Nell’esercizio appena concluso, Poste Vita resta la gallina dalle uova d’oro: i servizi assicurativi hanno infatti registrato un aumento dei ricavi del 14% a 21,4 miliardi. Si tratta di una somma decisamente elevata se si considera che l’intero giro d’affari del gruppo si è attestato a 30,7 miliardi (+7%). Non a caso la società fa notare come proprio i servizi assicurativi, accanto alla tenuta del comparto finanziario (che genera ricavi per 5,2 miliardi), sono riusciti a compensare “l’attesa flessione dei ricavi da Servizi postali e commerciali (-4,4% a € 3,9 miliardi), indotta principalmente dalla riduzione dei volumi sulla corrispondenza (-9%)”. Ha recuperato terreno invece il segmento pacchi che tuttavia con 600 milioni di ricavi rappresenta una goccia nel mare, il 3,9% del totale. A livello operativo il gruppo ha registrato un incremento del 27,4% a 691 milioni, mentre le masse gestite sono lievitate a 476 miliardi (+3,1%). Merito della “dinamica positiva dei ricavi combinata con il contenimento dei costi” che hanno subito una flessione da 220 milioni di cui 80 sul lavoro.

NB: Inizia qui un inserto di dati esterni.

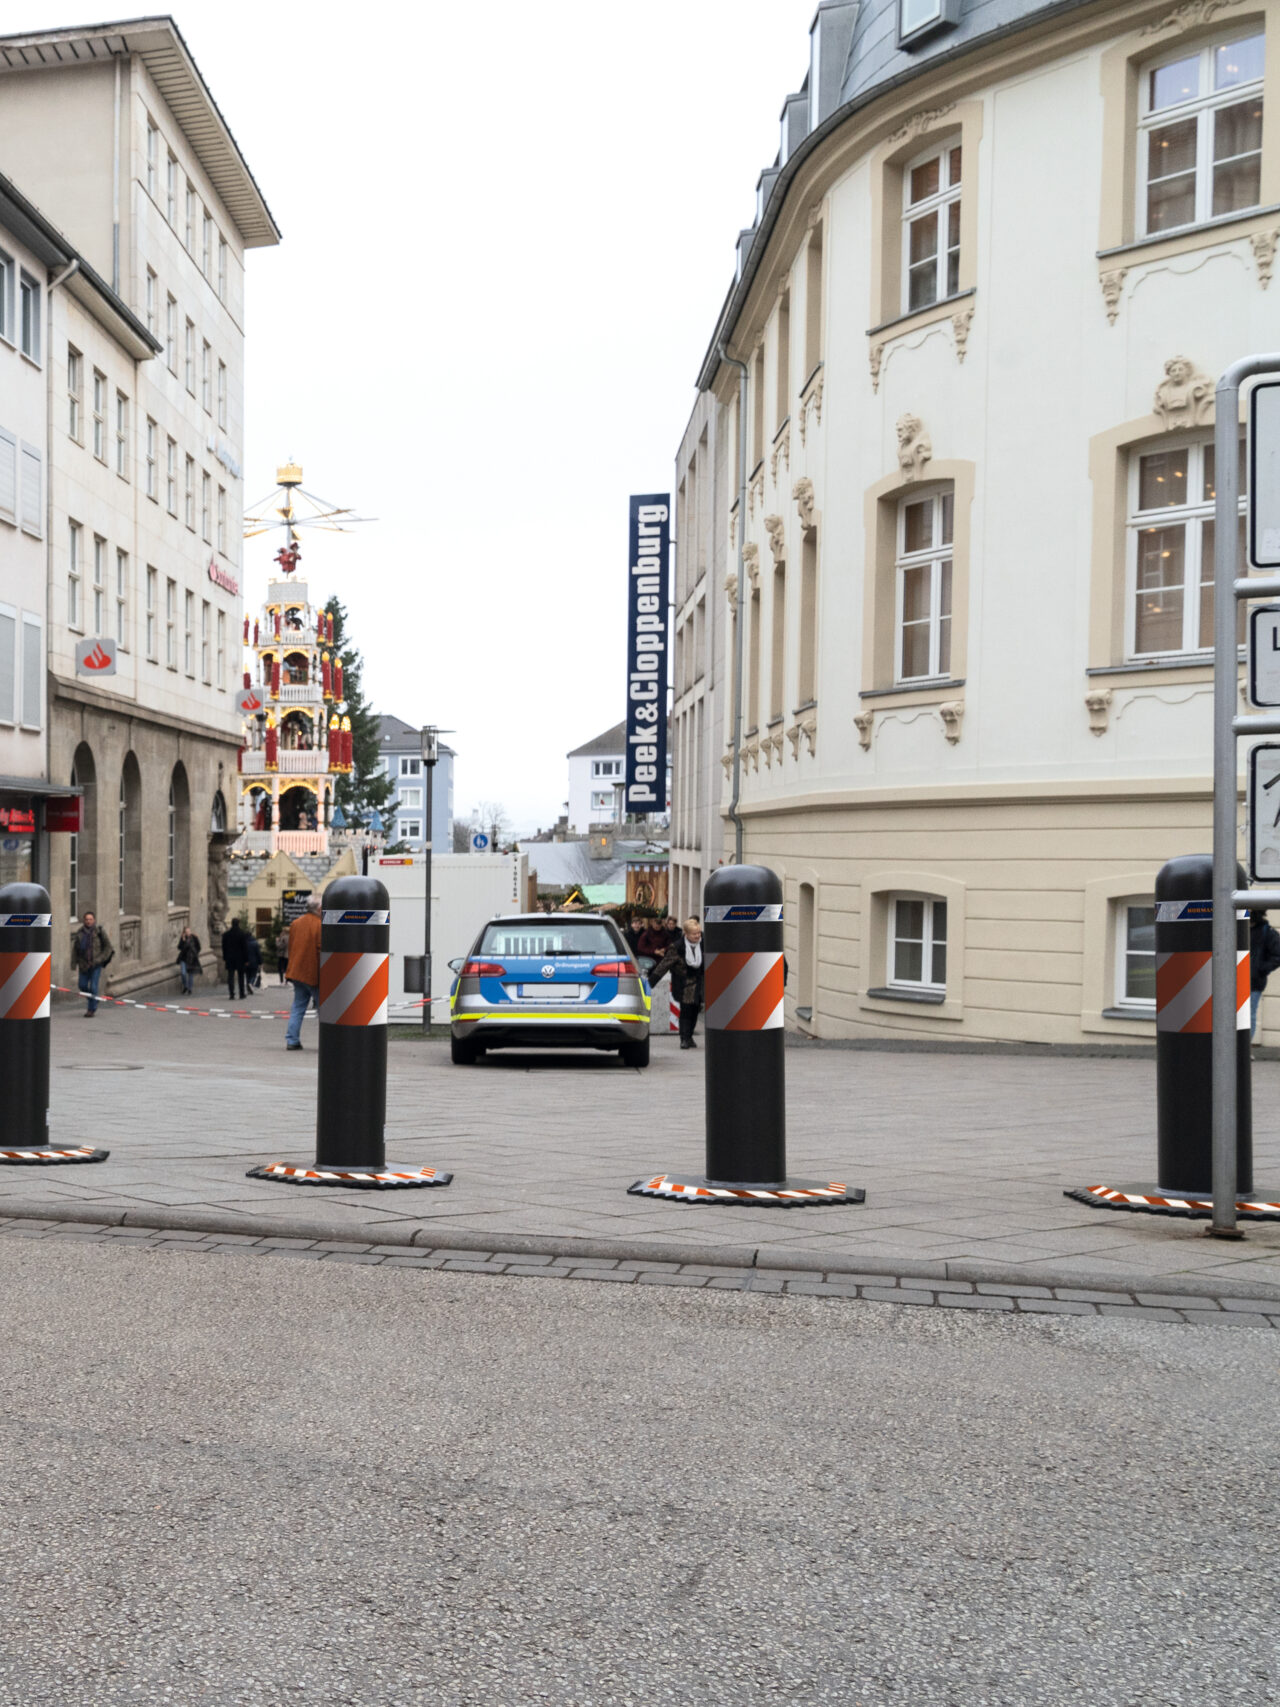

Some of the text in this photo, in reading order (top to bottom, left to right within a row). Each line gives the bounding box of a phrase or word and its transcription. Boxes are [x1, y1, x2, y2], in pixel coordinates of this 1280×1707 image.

[628, 503, 668, 802] Peek & Cloppenburg

In una nota il gruppo fa sapere che il miglioramento dei profitti 2015 deriva dai risultati positivi della gestione operativa e al miglioramento della gestione finanziaria netta (più 47 milioni di euro rispetto al 2014). Segno, insomma, che i tagli ai costi e la scelta del management di spingere su prodotti più redditizi sta dando i suoi frutti. Merito anche di uno Stato che batte in ritirata nel sociale. Non è un caso, infatti, che Poste abbia registrato nel suo bilancio il successo di prodotti assicurativi “di tutela salute e casa” in un momento storico in cui la sanità pubblica è sempre più ingolfata e il rischio di perdere la casa aumenta inesorabilmente.